A Pan-Cancer Atlas of Metabolic Regulatory Circuitries Integrating Multi-Omic, Immune, and Clinical Dimensions

Background Metabolic reprogramming is a defining component of tumor progression, immune evasion, and susceptibility to regulated cell death, yet the organization of these processes across multi-omic, immune, and clinical dimensions remains unresolved. Results Here, we present a Pan-Cancer atlas of metabolic regulatory circuitries, reconstructed using OncoMetabolismGPS, a multi-omic analytical framework that systematically integrates transcriptomic, epigenomic, genomic, proteomic, phenotypic, immunological, and clinical axes across 33 tumor types.

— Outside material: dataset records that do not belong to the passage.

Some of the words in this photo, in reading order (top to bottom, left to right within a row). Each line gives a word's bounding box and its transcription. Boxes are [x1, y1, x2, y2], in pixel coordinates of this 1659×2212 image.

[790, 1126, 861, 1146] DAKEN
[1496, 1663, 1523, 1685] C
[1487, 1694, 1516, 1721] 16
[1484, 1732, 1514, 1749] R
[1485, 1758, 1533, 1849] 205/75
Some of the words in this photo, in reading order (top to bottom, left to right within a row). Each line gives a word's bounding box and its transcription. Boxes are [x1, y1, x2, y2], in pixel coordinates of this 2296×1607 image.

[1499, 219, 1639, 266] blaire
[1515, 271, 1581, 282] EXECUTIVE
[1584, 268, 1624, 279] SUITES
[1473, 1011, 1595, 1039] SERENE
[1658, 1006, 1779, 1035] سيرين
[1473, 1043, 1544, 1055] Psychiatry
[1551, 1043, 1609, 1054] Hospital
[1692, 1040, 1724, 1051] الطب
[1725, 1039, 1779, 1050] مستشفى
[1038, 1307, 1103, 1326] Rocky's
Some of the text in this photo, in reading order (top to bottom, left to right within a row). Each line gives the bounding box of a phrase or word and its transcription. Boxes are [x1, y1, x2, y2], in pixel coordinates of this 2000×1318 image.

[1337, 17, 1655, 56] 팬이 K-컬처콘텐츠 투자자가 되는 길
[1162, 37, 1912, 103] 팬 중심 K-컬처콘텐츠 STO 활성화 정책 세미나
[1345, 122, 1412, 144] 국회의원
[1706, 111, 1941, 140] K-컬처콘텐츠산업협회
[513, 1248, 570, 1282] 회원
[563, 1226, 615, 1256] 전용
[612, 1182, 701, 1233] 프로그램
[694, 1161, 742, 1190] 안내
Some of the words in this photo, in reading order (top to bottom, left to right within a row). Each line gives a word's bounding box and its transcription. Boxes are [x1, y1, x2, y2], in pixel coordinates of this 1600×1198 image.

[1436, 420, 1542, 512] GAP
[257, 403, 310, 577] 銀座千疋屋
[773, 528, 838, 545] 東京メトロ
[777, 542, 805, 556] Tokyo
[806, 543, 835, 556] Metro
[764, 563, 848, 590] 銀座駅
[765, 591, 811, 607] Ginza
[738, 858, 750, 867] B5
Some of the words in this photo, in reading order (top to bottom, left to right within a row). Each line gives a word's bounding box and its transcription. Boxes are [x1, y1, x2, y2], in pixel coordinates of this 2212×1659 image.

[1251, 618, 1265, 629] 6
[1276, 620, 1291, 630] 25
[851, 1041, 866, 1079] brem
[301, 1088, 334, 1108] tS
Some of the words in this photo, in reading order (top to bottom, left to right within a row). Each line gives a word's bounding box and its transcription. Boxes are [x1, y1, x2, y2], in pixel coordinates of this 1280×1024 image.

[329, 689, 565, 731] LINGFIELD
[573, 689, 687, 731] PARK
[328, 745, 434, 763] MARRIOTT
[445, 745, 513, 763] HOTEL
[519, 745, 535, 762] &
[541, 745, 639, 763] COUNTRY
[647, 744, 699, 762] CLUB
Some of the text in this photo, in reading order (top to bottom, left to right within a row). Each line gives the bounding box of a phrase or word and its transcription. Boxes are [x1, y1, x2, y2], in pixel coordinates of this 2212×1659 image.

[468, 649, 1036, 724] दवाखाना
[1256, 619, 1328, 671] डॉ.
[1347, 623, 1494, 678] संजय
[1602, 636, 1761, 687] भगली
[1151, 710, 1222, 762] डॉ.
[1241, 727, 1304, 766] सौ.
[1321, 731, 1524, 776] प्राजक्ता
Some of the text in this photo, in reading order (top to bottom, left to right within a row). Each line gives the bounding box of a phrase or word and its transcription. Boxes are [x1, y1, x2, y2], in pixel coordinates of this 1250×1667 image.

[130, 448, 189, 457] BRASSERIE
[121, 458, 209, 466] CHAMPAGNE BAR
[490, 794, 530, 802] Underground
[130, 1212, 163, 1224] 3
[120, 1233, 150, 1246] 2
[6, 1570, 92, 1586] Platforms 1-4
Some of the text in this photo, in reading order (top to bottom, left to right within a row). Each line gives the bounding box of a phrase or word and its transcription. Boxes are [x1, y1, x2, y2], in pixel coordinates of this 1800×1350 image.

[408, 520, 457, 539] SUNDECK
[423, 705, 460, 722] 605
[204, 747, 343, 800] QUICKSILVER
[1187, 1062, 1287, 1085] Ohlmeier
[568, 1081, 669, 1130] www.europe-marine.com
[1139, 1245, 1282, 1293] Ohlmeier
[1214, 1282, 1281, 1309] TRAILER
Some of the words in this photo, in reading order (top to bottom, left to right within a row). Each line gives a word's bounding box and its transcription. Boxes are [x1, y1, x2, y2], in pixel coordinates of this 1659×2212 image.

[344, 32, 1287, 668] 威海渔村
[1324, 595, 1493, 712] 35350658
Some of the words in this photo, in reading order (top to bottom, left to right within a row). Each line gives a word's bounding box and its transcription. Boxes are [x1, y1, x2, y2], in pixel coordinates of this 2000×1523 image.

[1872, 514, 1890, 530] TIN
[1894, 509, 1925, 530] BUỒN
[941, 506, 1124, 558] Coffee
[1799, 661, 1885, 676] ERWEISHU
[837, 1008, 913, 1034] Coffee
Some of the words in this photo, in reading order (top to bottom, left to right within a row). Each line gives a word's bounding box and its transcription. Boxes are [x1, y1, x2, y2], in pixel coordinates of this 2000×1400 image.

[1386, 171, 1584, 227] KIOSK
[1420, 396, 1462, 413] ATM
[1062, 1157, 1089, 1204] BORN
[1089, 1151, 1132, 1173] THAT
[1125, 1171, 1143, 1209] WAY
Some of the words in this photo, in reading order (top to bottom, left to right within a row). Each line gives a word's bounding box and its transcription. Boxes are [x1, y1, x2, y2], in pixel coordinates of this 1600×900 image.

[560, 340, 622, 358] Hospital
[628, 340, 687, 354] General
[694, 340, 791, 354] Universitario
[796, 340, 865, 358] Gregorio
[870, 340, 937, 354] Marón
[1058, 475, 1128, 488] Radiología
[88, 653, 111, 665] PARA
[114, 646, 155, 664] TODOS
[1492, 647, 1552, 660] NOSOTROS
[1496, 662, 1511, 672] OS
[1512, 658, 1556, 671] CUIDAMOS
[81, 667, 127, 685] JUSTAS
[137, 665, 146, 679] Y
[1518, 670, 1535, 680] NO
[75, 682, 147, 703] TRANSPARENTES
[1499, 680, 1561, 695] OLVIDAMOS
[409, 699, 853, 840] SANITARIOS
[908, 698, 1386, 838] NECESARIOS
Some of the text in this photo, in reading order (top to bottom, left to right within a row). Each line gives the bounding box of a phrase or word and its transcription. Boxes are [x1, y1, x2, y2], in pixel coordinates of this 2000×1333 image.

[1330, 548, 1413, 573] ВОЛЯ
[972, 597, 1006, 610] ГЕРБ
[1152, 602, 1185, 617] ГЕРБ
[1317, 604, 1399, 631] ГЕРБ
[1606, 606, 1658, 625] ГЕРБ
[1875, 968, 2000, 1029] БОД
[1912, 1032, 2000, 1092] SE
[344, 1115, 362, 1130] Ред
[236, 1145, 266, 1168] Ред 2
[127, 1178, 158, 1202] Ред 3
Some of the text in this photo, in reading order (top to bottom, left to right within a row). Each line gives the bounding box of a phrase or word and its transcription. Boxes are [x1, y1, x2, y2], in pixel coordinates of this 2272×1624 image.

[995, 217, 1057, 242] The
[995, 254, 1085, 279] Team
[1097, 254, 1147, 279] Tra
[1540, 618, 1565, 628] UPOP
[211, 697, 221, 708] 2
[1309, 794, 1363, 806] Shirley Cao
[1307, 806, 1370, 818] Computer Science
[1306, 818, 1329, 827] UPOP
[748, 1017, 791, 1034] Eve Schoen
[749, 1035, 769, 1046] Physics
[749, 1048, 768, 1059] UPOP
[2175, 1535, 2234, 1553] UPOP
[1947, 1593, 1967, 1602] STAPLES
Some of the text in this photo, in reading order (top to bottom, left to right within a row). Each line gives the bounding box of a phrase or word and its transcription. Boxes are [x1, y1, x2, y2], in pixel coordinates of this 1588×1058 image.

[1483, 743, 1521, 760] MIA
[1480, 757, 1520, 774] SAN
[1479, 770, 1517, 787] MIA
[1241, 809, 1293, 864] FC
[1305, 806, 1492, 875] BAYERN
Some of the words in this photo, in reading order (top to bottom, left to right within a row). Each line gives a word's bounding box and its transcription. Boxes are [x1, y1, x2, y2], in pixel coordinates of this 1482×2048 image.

From 463,433 significant associations, we derived 241,415 omic-specific metabolic signatures and identified 24,796 metabolic regulatory circuitries defined by regulator–signature pairs exhibiting convergent or divergent behavior. Across cancers, divergent regulation predominated, particularly within immune-cold microenvironments, revealing a generalizable compensation logic that links metabolic activity with tumor phenotypes and patient outcomes. This atlas demonstrates that metabolic state operates as an n-dimensional regulatory architecture in which upstream non-coding RNAs modulate metabolic signatures in a context-dependent manner. All results are implemented in the OncoMetabolismGPS Shiny platform, which positions each signature within a multidimensional space spanning molecular, phenotypic, immune, and clinical attributes. Conclusions Together, this work introduces a unified, mechanistically grounded framework for interrogating metabolic regulatory circuitries in cancer and provides an openly accessible resource for exploring metabolic dependencies and therapeutic vulnerabilities.